Y todos juntos se pusieron a cantar, dirigidos por el propio coronel Cully, a voz en cuello y haciendo resonar sus campanillas victoriosamente, bajo la impresionante luz de la luna.

Las aves de la montaña son más sabrosas

Aunque las del valle están más gordas,

Por eso nos parece conveniente

Prestar más atención a las segundas.

Hallamos un conejo semioculto,

Y atacamos sus órganos vitales.

El conejo nos supo a miel

Y compensó nuestros desvelos.

Algunos atacan a la alondra

Cuyas bandadas nublan el sol.

Otros van tras los nidos de perdiz,

Y otros más miran y miran, y no hacen nada

Pero Verruga, el rey de los azores,

Llegó más lejos que todos nosotros.

Sus pájaros y animalillos

llenarán nuestros banquetes,

Y sus hazañas gloriosas cantaremos a coro.

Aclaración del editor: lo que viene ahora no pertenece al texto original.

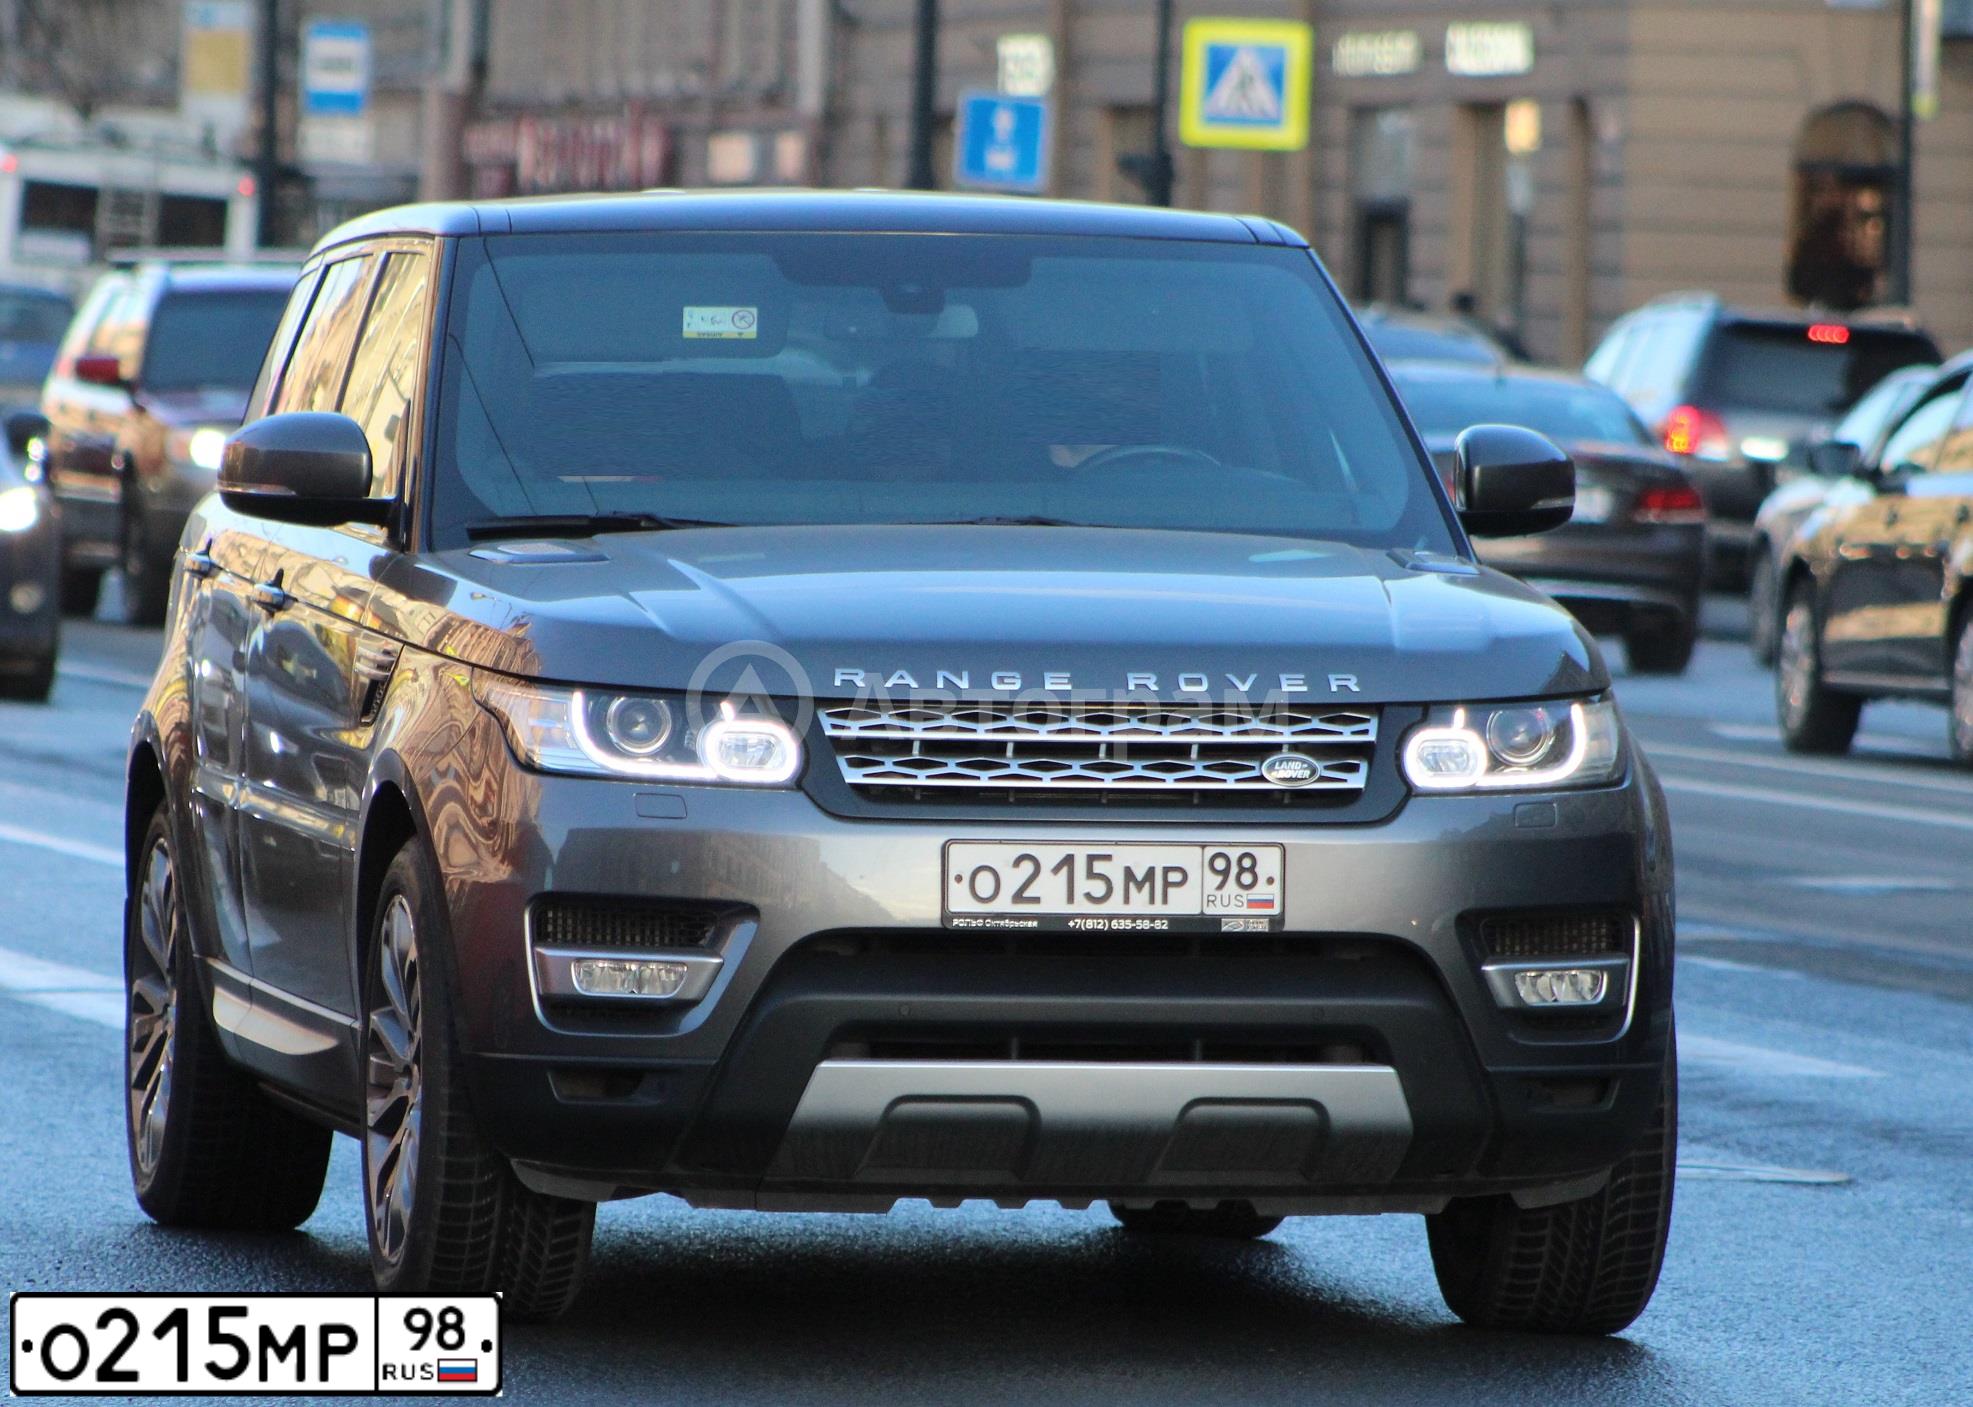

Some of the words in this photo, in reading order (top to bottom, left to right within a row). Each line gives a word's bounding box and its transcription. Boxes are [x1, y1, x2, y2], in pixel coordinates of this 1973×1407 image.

—No lo olvidéis —exclamó el simpático Balan—. Podemos tener un rey de verdad en ese joven novicio. Cantémoslo de nuevo por última vez.

Pero Verruga, el rey de los azores,

Llegó más lejos que todos nosoros.

Sus pájaros y animalillos

llenarán nuestros banquetes,

Y sus hazañas gloriosas cantaremos a coro.